From my experience, the key part of a good testing infrastructure is test result reporting. For some reason, this topic is overlooked by the testing community. You can find lots of resources on how to learn this tool and that framework and which is better than others, but very little has been written on how to tackle test results management. I will try to demonstrate why you should care about test result management too.
The best open source solution I was able to find is ReportPortal.io, developed by EPAM. ReportPortal is an AI-powered tool allowing you to aggregate and analyze test results and more. With ReportPortal you will leverage your test automation architecture to the next level. It made my life easier especially for these two capabilities:
Debugging tests in ReportPortal got a much easier way than it would be from a CI tool. You know the situation when your tests fail and you have to open your CI and look in very long console output for given error at the very end. And then search for it further until you find your assertion error. And this gets even more frustrating when there is a couple of errors. With ReportPortal you will be able to navigate through your failed test in a more sane way.

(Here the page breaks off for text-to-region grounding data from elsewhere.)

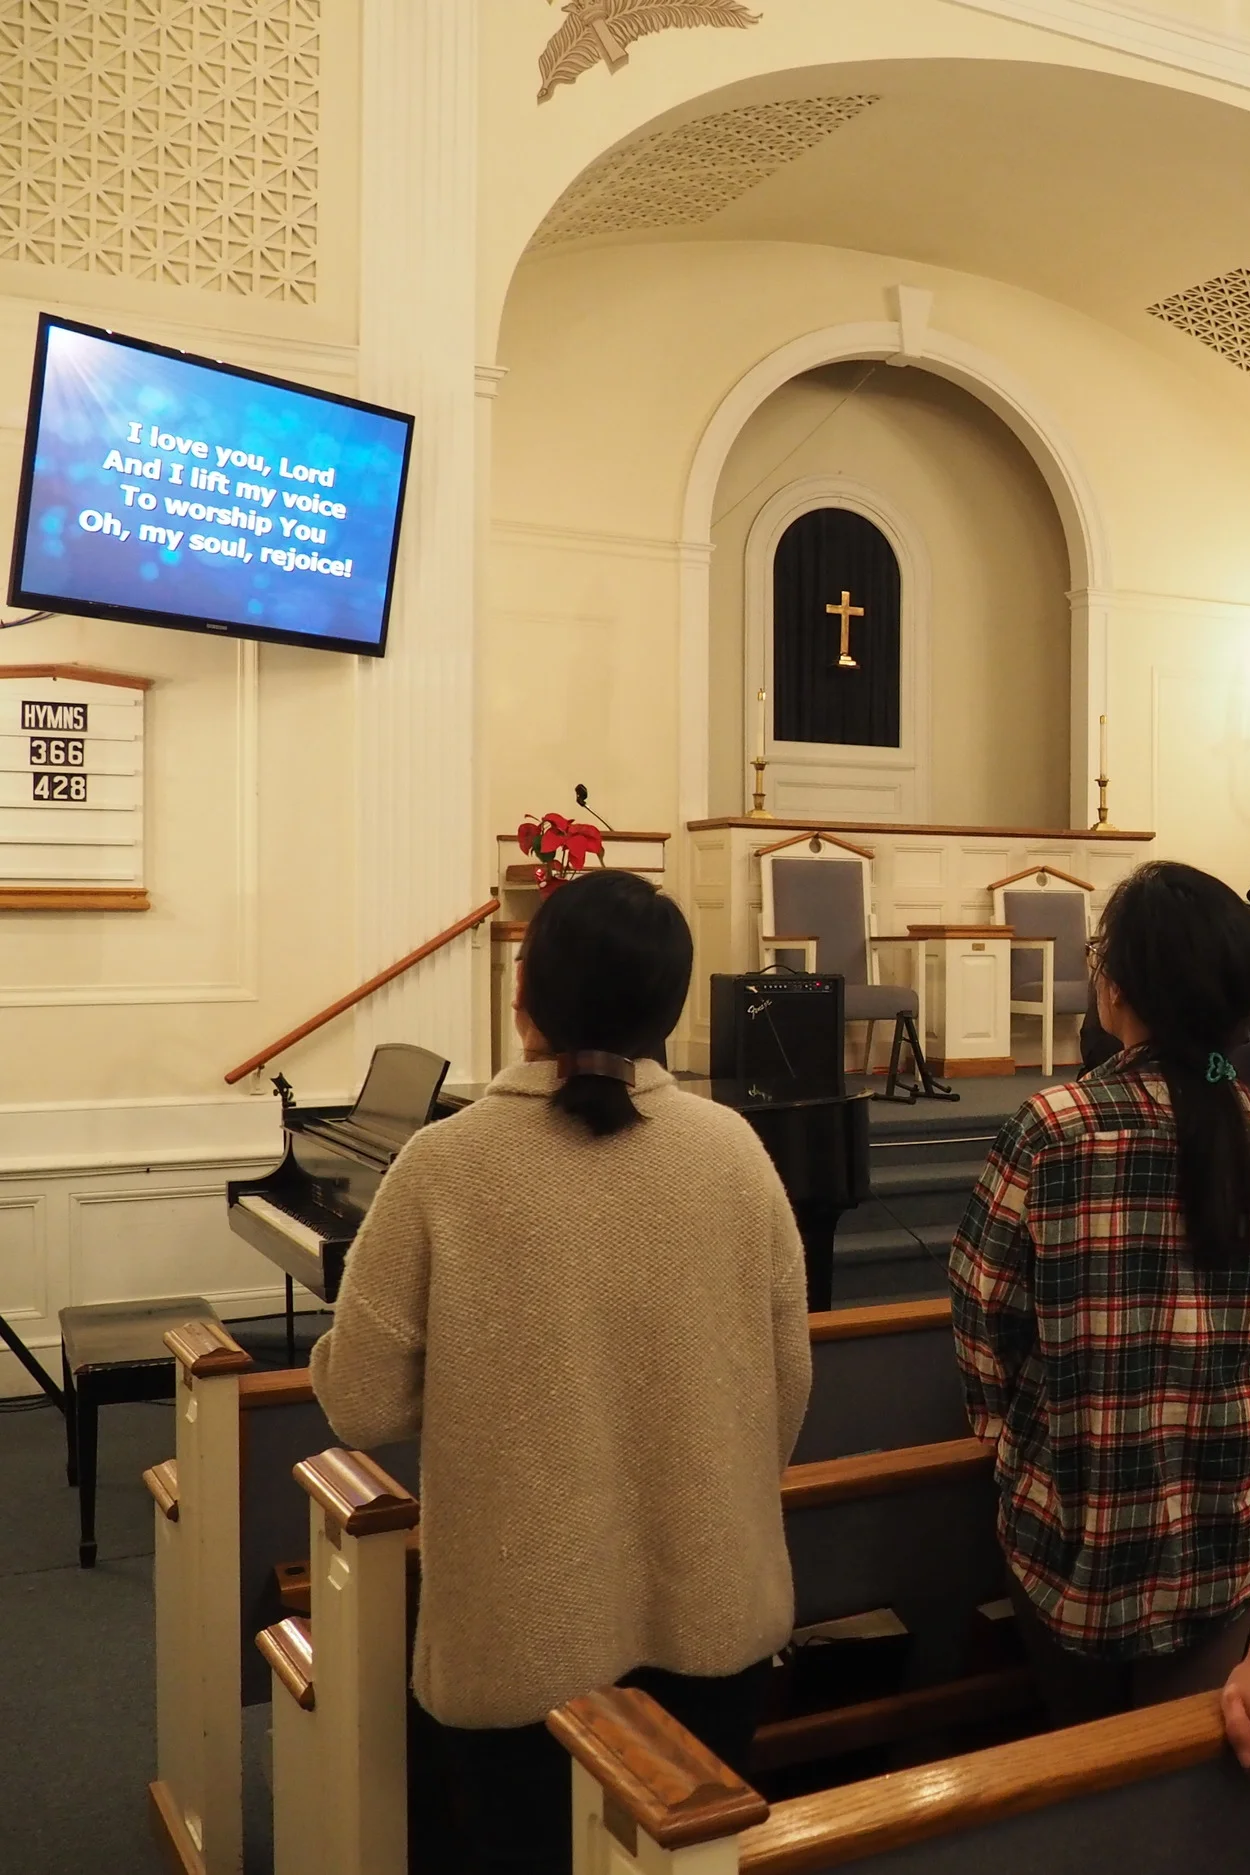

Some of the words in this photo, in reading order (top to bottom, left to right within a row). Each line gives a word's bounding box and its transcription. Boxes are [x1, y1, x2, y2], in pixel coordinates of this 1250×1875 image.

[102, 449, 162, 480] And
[168, 462, 184, 485] I
[190, 466, 230, 495] lift
[235, 481, 277, 508] my
[282, 493, 347, 520] voice
[126, 421, 143, 444] I
[149, 425, 209, 459] love
[215, 445, 271, 477] you,
[279, 457, 336, 488] Lord
[79, 509, 131, 542] Oh,
[138, 523, 184, 551] my
[188, 537, 253, 564] soul,
[260, 546, 353, 578] rejoice!
[120, 483, 158, 511] To
[164, 497, 273, 537] worship
[279, 516, 327, 545] You
[24, 704, 85, 730] HYMNS
[31, 739, 84, 765] 366
[34, 775, 86, 800] 428
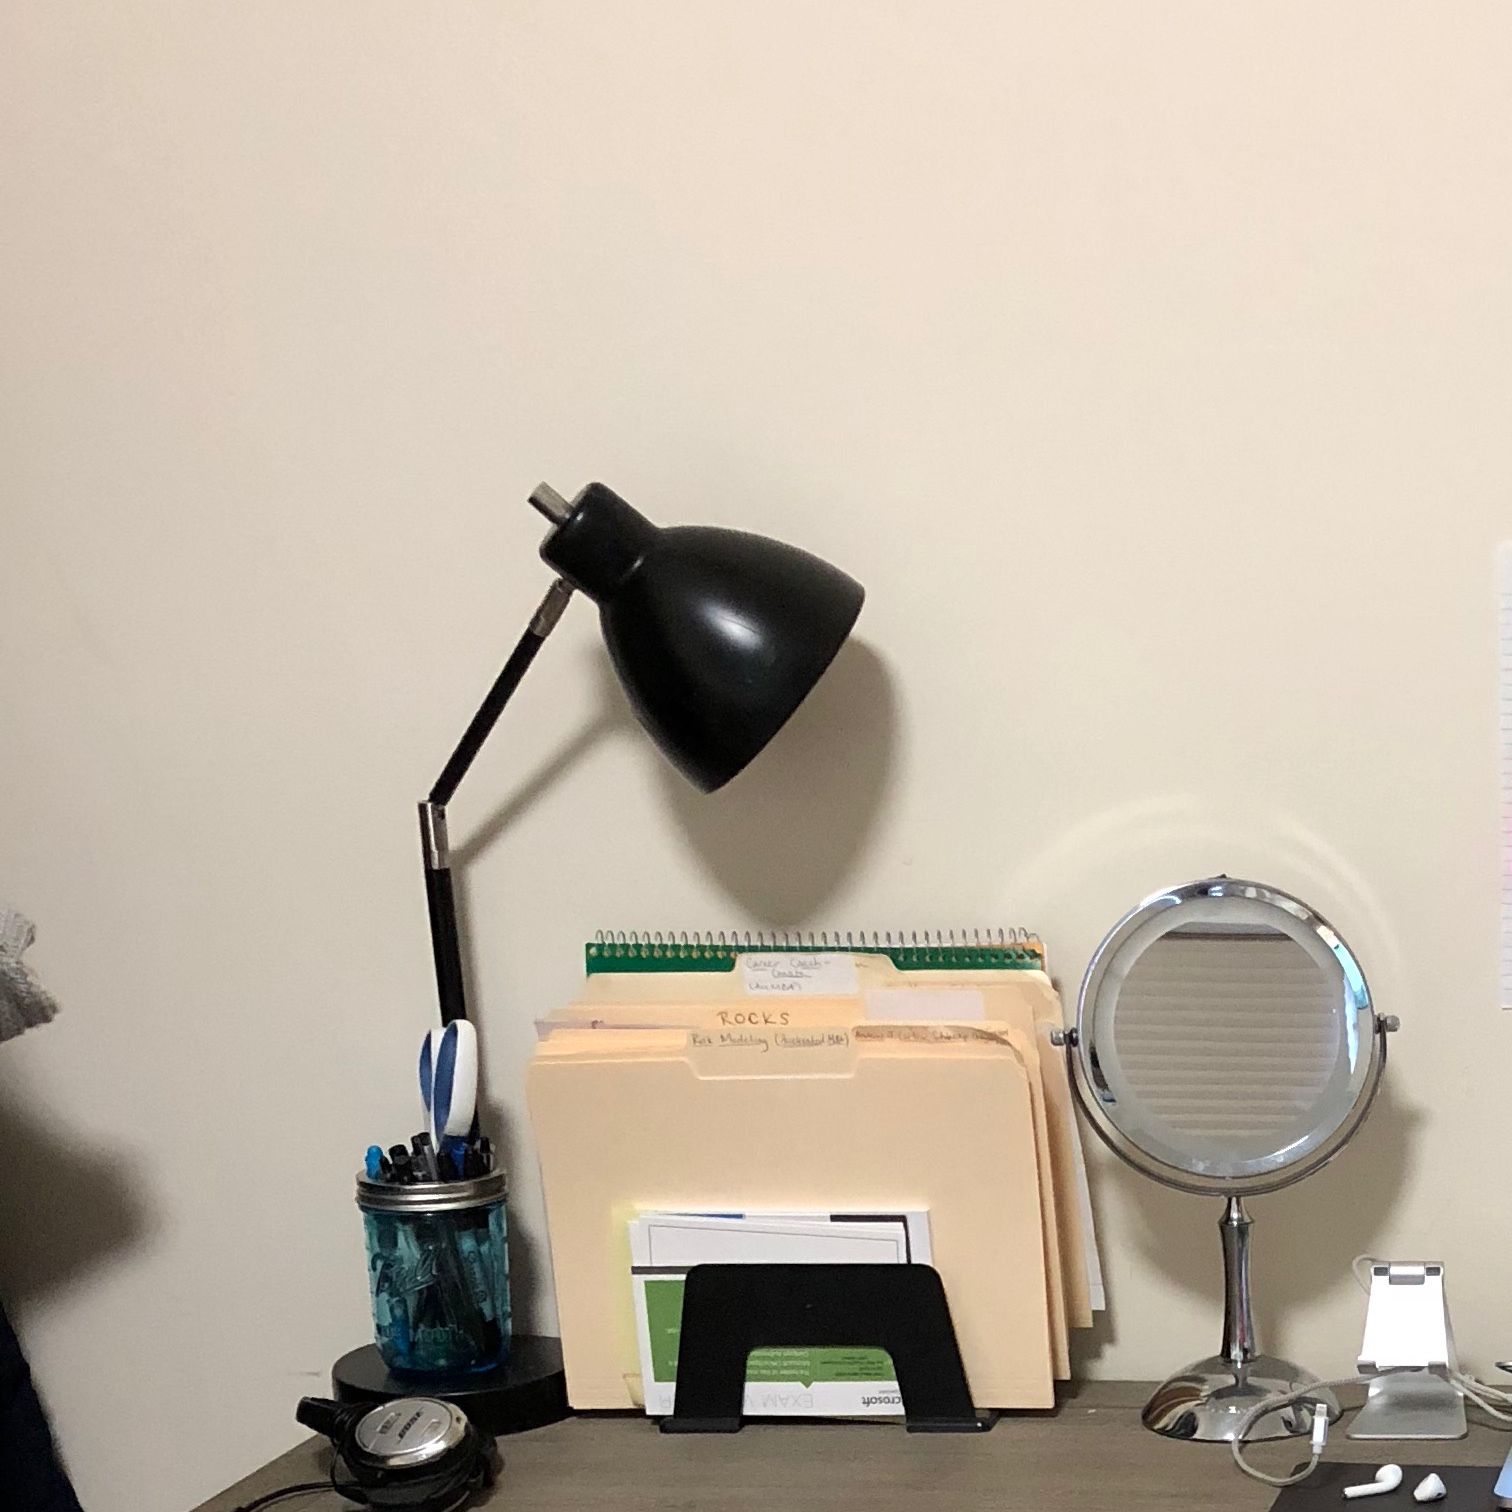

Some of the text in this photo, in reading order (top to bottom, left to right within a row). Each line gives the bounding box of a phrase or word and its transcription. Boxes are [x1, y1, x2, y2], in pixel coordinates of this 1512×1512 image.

[718, 1012, 790, 1026] ROCKS
[762, 1393, 814, 1409] EXAM
[861, 1395, 901, 1408] crosoft
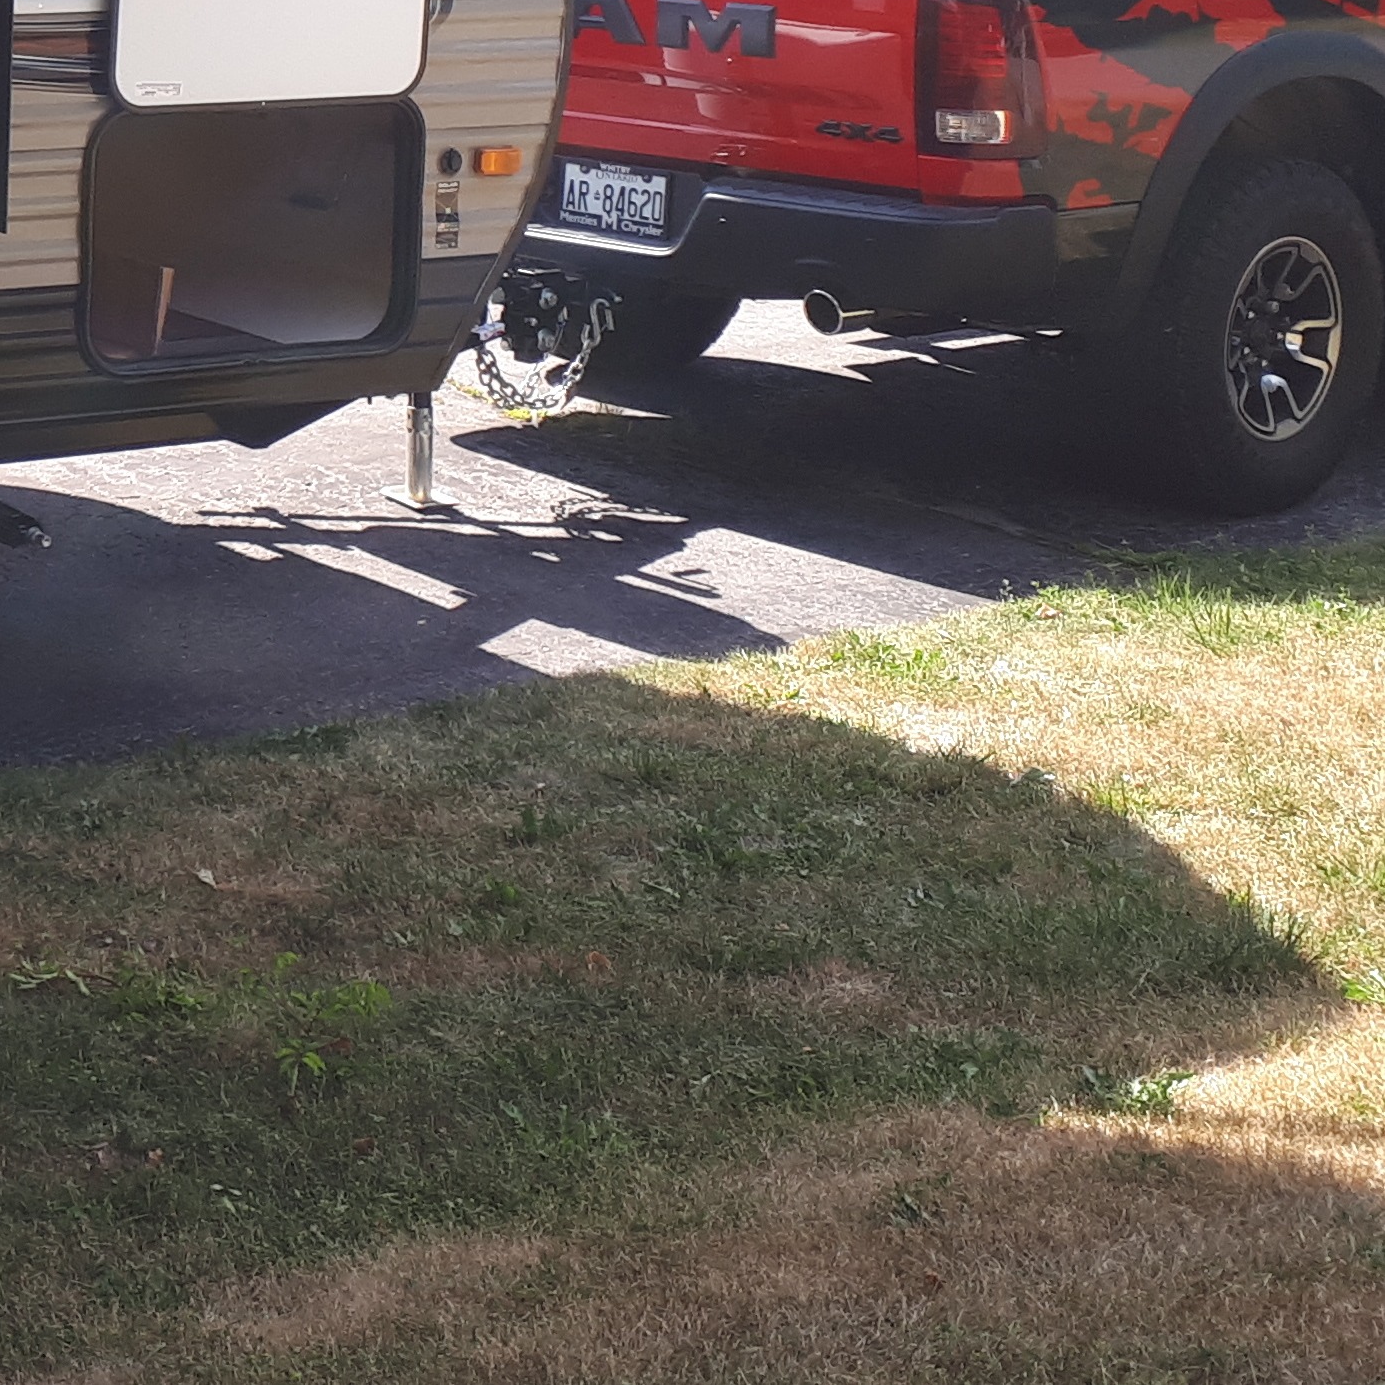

You can add a description to a failed scenario and sort them to predefined categories, or extend them by adding your own. Eg. if a test has failed because of timeout you can mark it as “System issue” or if it is an actual product change you put it in the “Product change” category. At the beginning you have to do it manually but once you gather enough data ReportPortal’s AI will do it instead of you.
If you log additional information as communication logs you can send them to ReportPortal as well. This will depend on your test framework integration, but you can either log them directly or add them as an attachment. You will get the assertion error and test logs in one place, with that you will be able to find out what was going on pretty quickly and easily.
##Tracking history and statistics
Tracking the history of your test results will allow you to spot repeating problems more easily and thus take further action on preventing them. All that data gathered in ReportPortal gives you more detailed statistic insight into your tests and application under test. You will be able to visualize test coverage, pass/fail ratio, average run time, and more. Regular CI tool history limits your statistics data to pass/fail statistics over a couple of last builds. But that’s it. You do not get statistics on which particular tests have failed. With ReportPortal you will be able to get an overview of most often failing tests.
ReportPortal offers nice graphs but it has two flaws. You can’t share them with anonymous users and you cant group them in one big dashboard across all your projects (public dashboard will be added in the future). Fortunately, ReportPortal has decent APIs (you can find the swagger definition by navigating to the API section in the application) that you can use it to build your own dashboard on top of it as we did in my organization. Thus we can easily share the dashboard with anyone in your team. Our custom dashboard consists of two parts — a general overview and a detailed project view. Overview displays little cards for the last 10 test runs. And if you click on it you will be redirected to the given test run in ReportPortal. Dashboard overview gives us a very quick grasp of current health across all projects.
On the other hand, the detailed view displays data for the last runs (max 100). And additional statistics like a total number of tests executed, pass and fail ration, average time execution, and test coverage improvements over time. Everything is accessible to every member of our team.
A publicly accessible dashboard gives to your automation visibility and it helps to increase test awareness as well. You do not need to send static HTML reports to your manager anymore. Anyone from management, product owners, development team, or stakeholders can have a look at the current state of your product. In case of failing tests they can raise an important question of why some tests are failing, what does it mean for your product and what are you going to do about it.